The Second Amendment and its endless debate
Debates on gun control are heated up after the incident again, same after every other shooting. Obama has been trying to push gun control reform in his administration, only to encounter opposition from the Republican Party.
Like what the President said, mines are made safer when Americans are killed in mine disasters; communities are made safer when Americans are killed in foods and hurricanes. How to make a community safer when Americans are killed by guns? Gun control might be, or should be the best solution, but the Conservatives don’t think so. They continue to wave the flag of The Second Amendment and use the hashtag #moregunslesscrime online to resist any form of gun controls. They want a change on gun laws too – they want more guns.
The Second Amendment to the United States Constitution was adopted back in 1791. It protects the right of the people to keep and bear arms and is part of the first ten amendments contained in the Bill of Rights. The Supreme Court of the United States has ruled that the right belongs to individuals but the right is not unlimited and does not prohibit all regulation of either firearms or similar devices.
Mental illness – is it really the cause?
As the US presidential election is approaching, candidates of the two sides are holding firmer to their stance towards gun control. GOP candidate Ben Carson said that if he face an active shooter, “I would not just stand there and let him shoot me.” By this he means that he can defend himself if he has a gun. “The shooter can only shoot one person at a time,” Carson argued. “He cannot shoot a whole group of people. So the idea is overwhelm him so not everybody gets killed.”
In fact, arguments from both sides are pretty clear. The Democrats want stricter gun laws, so that when less people own guns and carry guns around, it is less likely for these campus shooting to happen. Just take a look at Australia. After the 1996 Port Arthur massacre that killed 35 people and injured 28, John Howard, Australia’s prime minister at the time, led the drafting of National Firearms Agreement (NFA) which sharply restricted legal ownership of firearms. It also established a registry of all guns owned in the country and required a permit for all new firearm purchases. About 650,000 legally owned guns were peacefully seized, then destroyed, as part of the buyback. The average firearm suicide rate in Australia in the seven years after the bill declined by 57 percent compared with the seven years prior. The average firearm homicide rate went down by about 42 percent.
When the results of stricter gun control seems loud and clear, The Republicans insists that guns itself don’t kill people, it is the person behind the gun that kills people. Thus, they advocates more resources on mental health education. Let’s take a look at the mental health statistics in the US: A report in the American Journal of Public Health, published in February 2015, suggested that only 5 percent of the 120,000 gun-related killings were committed by people diagnosed with mental disorders. When Donald Trump say that “this isn’t guns, this is really about mental illness,” is it really the case?

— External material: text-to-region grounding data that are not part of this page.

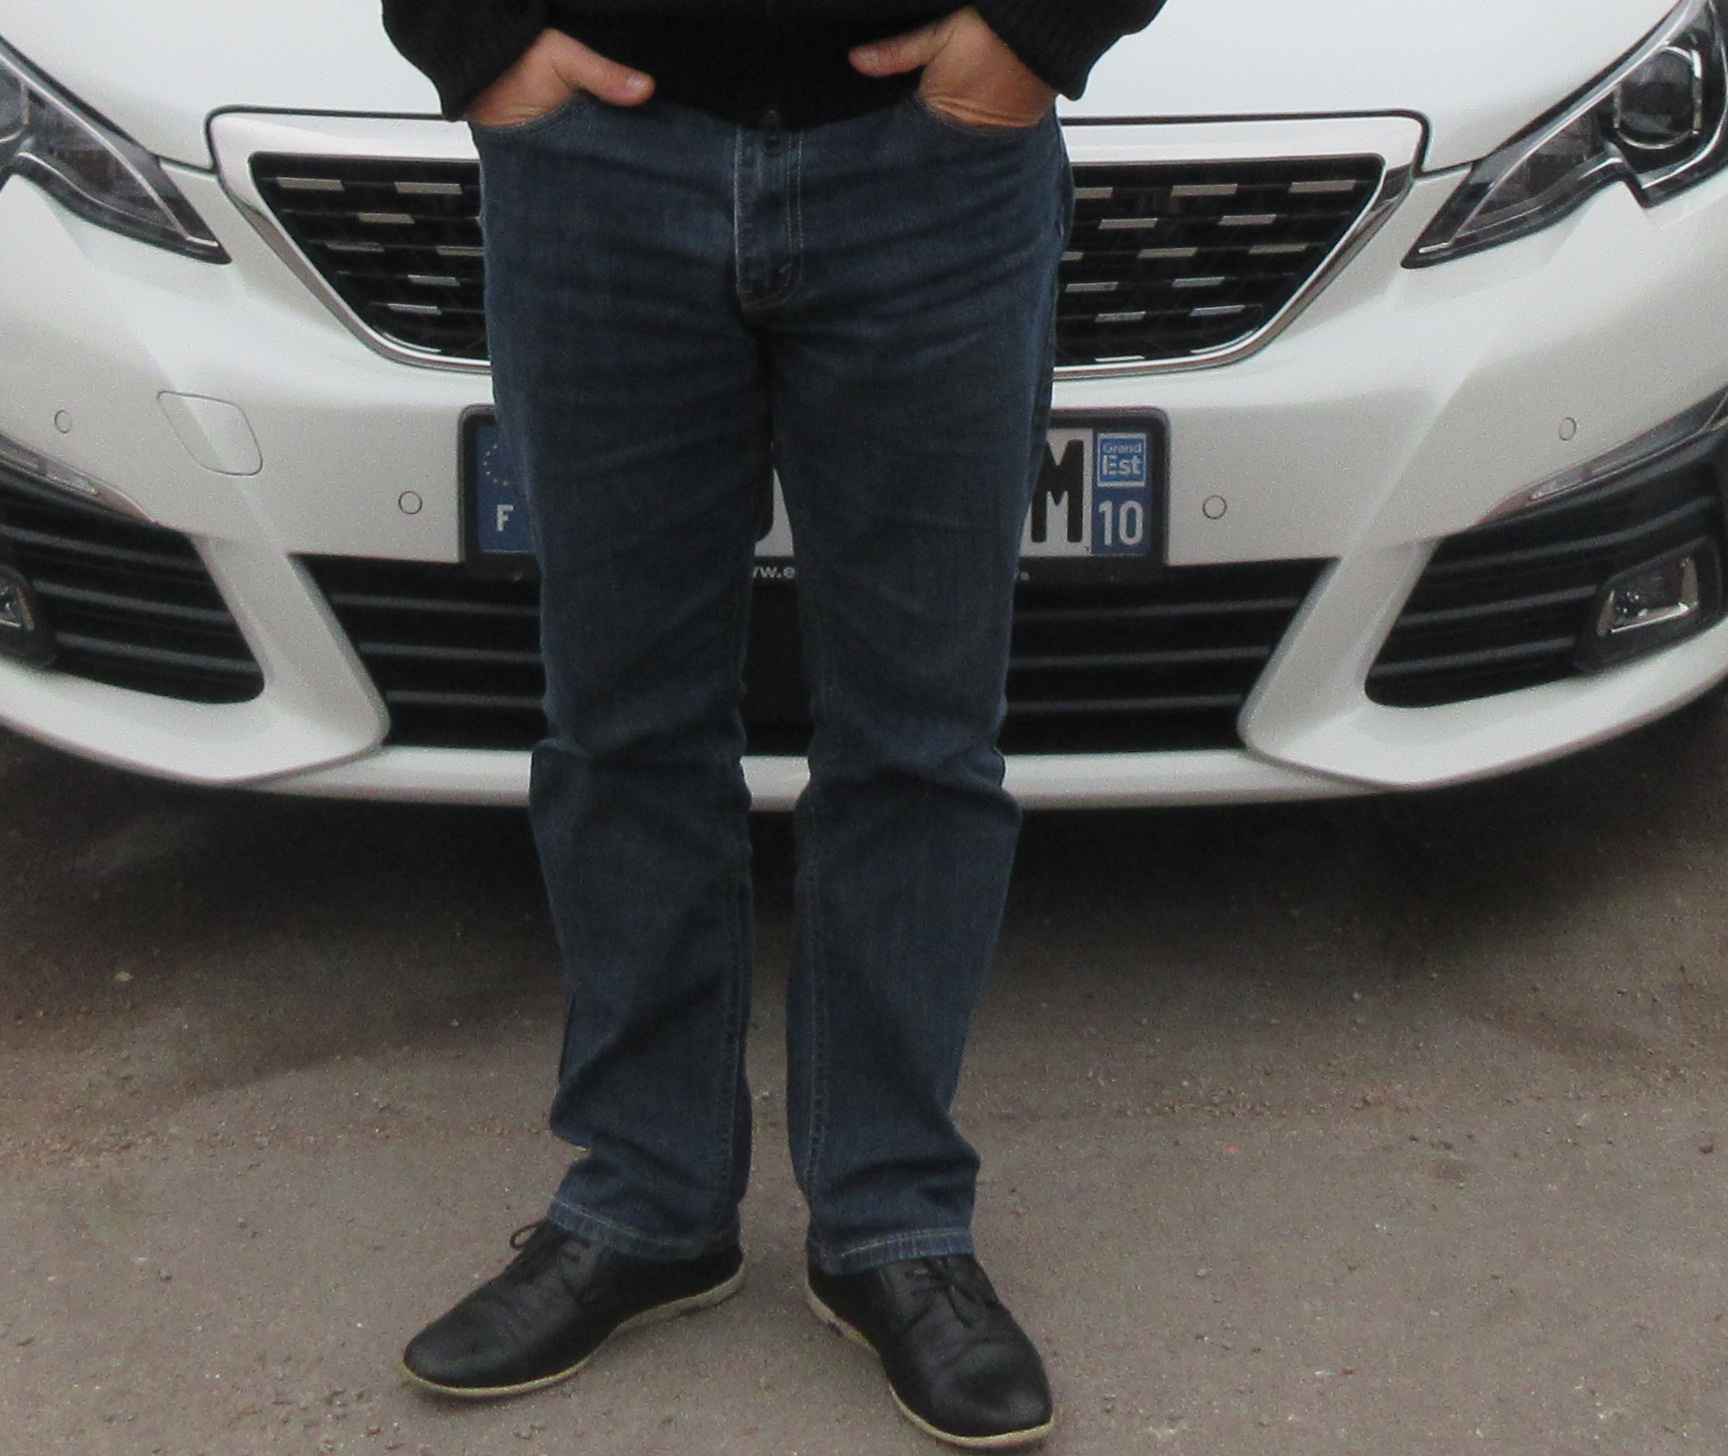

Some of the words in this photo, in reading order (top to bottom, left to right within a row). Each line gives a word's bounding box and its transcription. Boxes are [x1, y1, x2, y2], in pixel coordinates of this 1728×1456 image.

[1102, 443, 1143, 454] Grand
[1101, 455, 1143, 476] Est
[1030, 439, 1084, 543] M
[496, 504, 514, 532] F
[1098, 500, 1144, 546] 10
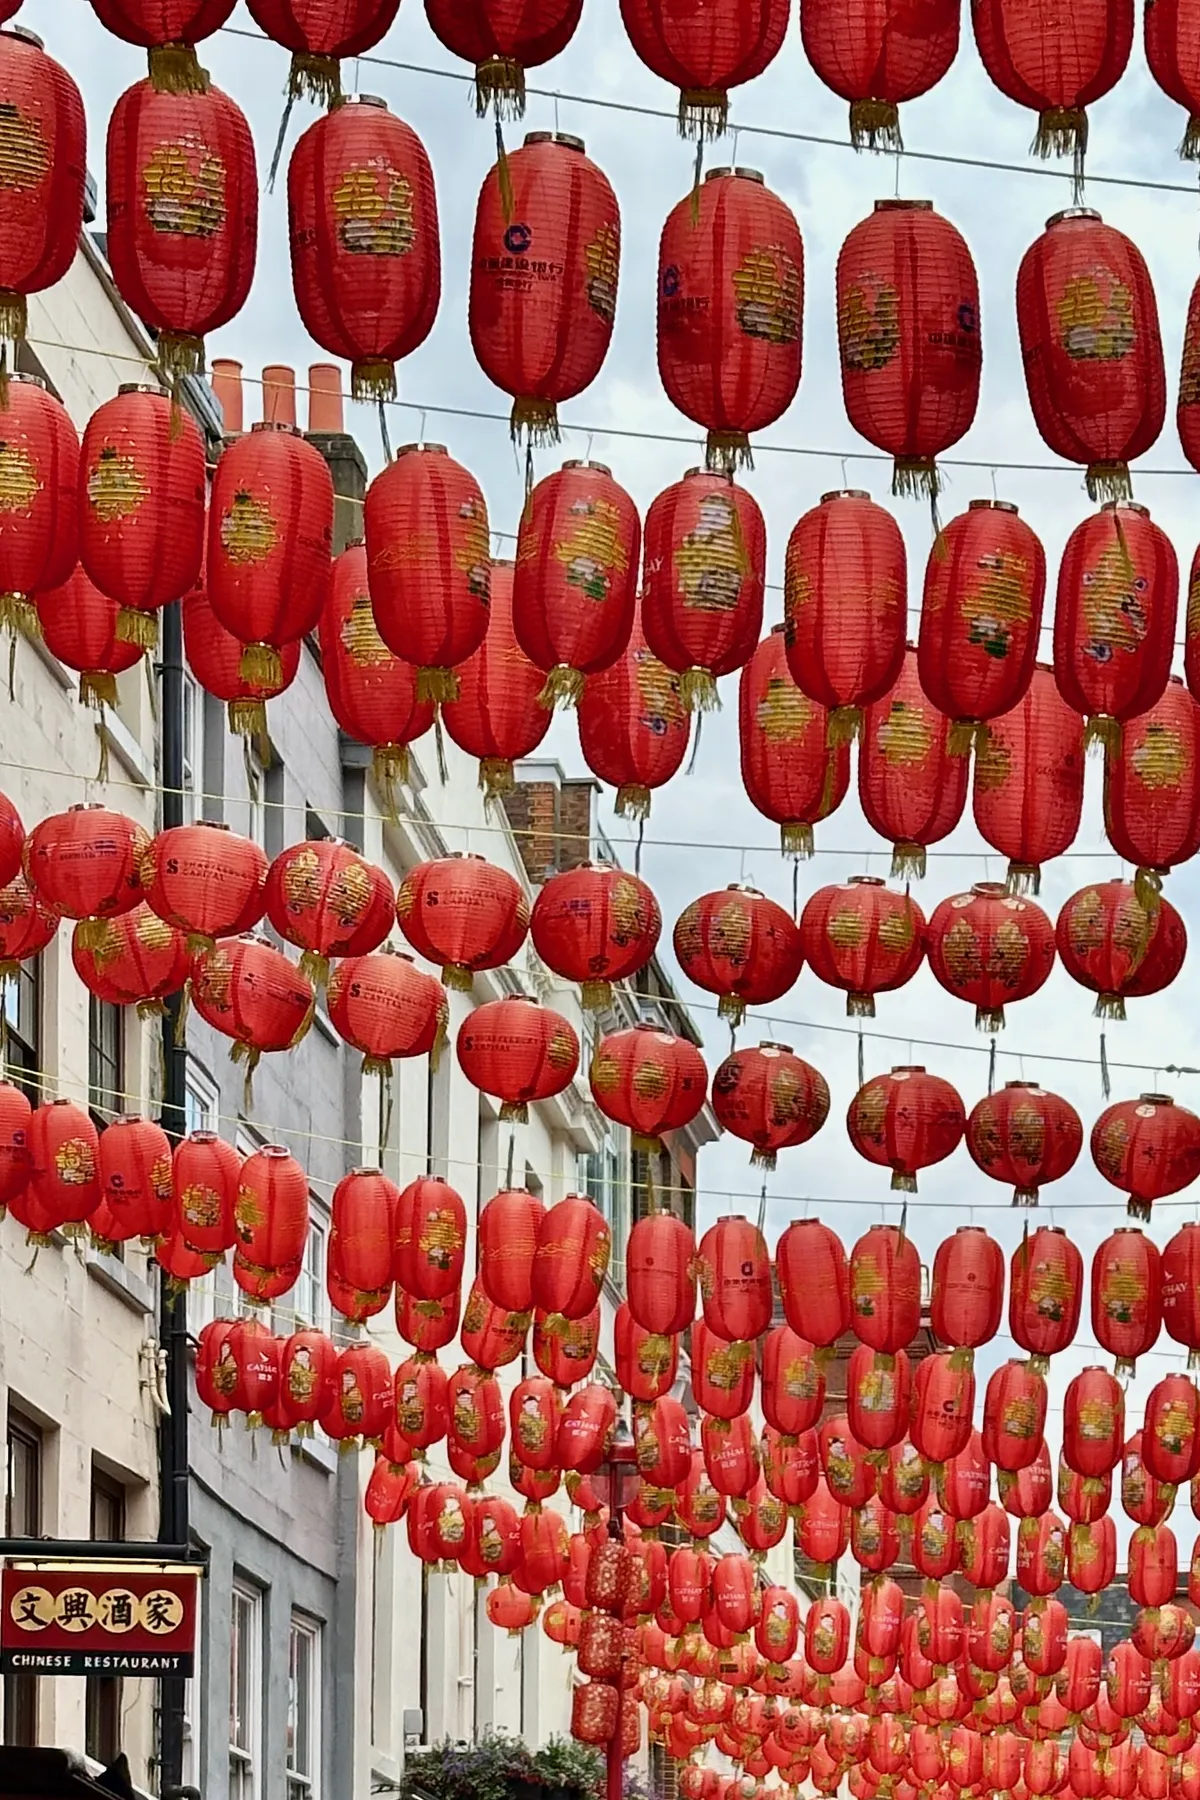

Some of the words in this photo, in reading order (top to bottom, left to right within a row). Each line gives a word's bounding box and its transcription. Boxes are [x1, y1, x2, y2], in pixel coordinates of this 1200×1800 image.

[15, 1592, 177, 1629] 文興酒家
[12, 1655, 71, 1667] CHINESE
[84, 1656, 180, 1669] RESTAURANT
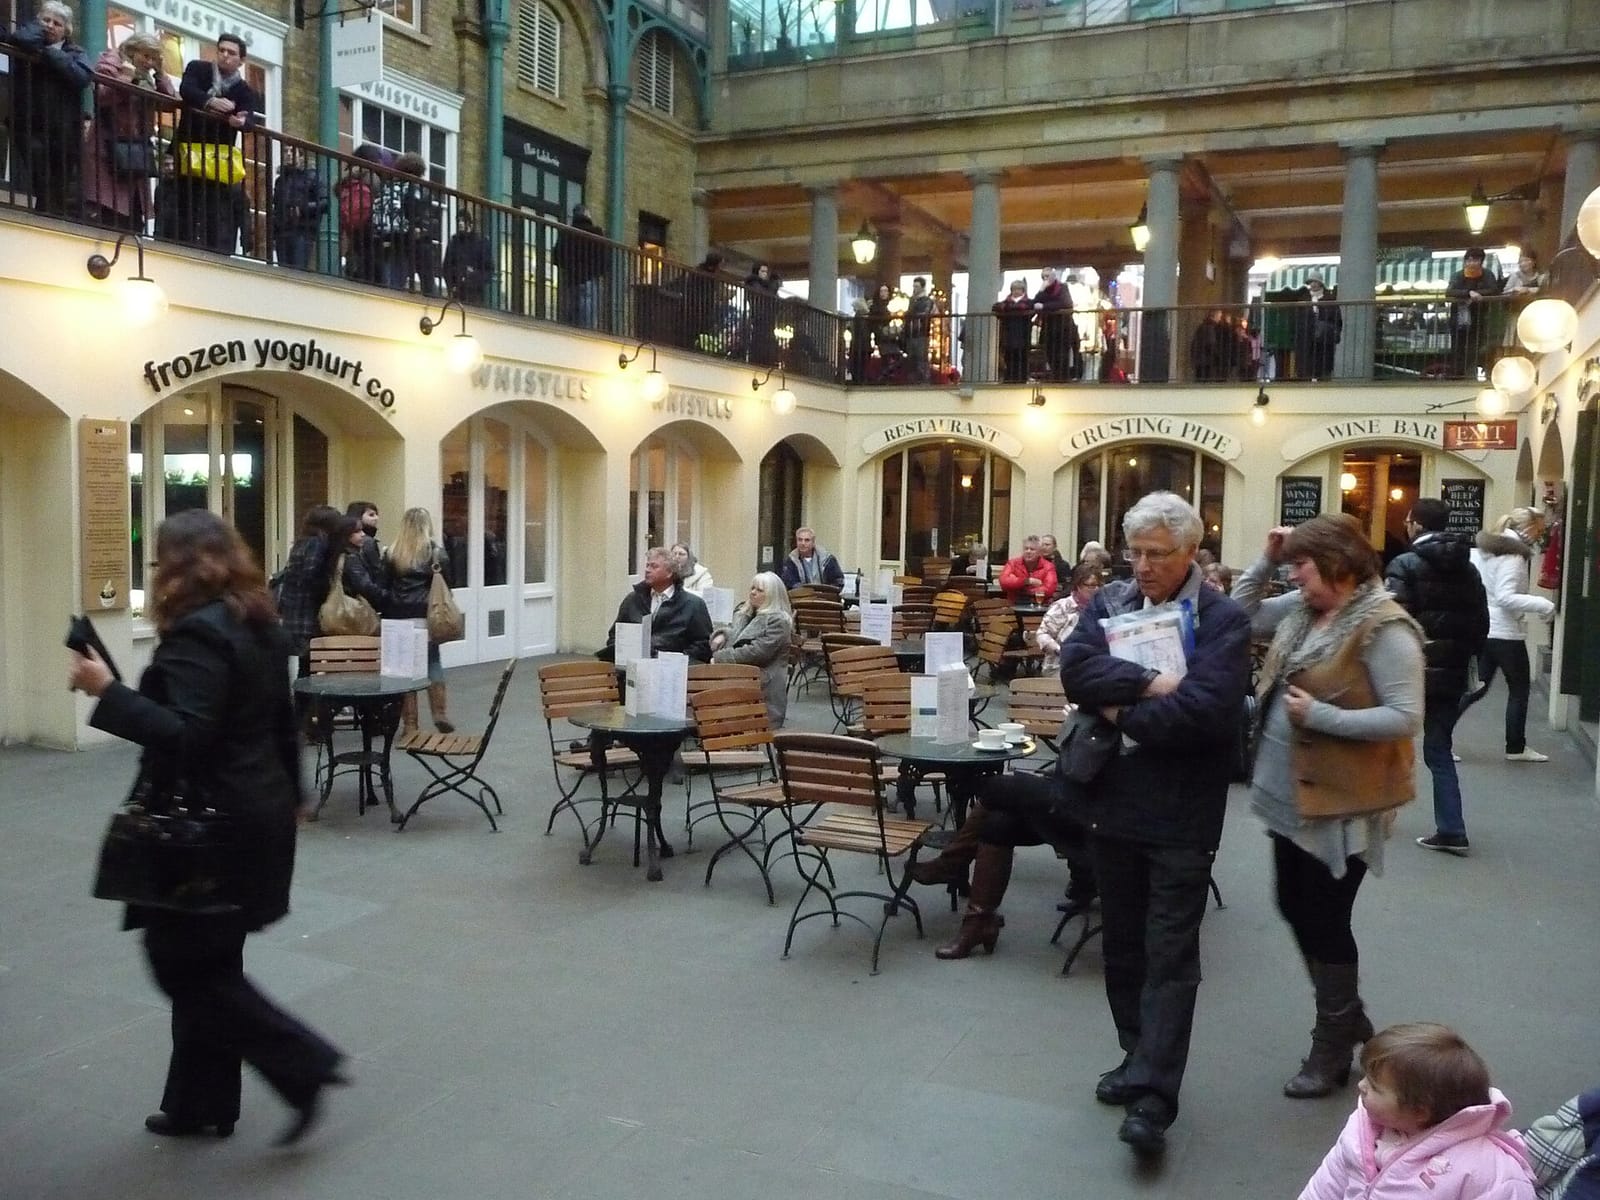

Even it is really about mental illness, like what Obama has said, America isn’t the only country with mentally-ill people, but it is the only advanced country that has the gun tragedy so frequently.
A problem bigger than terrorism
For every American killed by terrorism in the US and around the world, more than 1,000 died from firearms inside the U.S. during the recent decade with available comparative data. The gun fatalities cover all manners of deal, including homicide, accident and suicide. From 2001 to 2013, there were 3,380 American deaths by terrorism, and 406,496 deaths by firearms in the US, according the to US State Department. Which one, then, should you fear more? Gun ownership or terrorism?
I have tried to think of some new insights on the issue, only to find out that there won’t be any. Nothing wow, nothing new – the only way out is a stricter gun control. Even owning firearm might be one of the fundamental rights of the Americans, the obsession towards gun ownership is quite hard to understand. It is a matter of life and death, it is high time to stop the next episode of tragedy before it happened.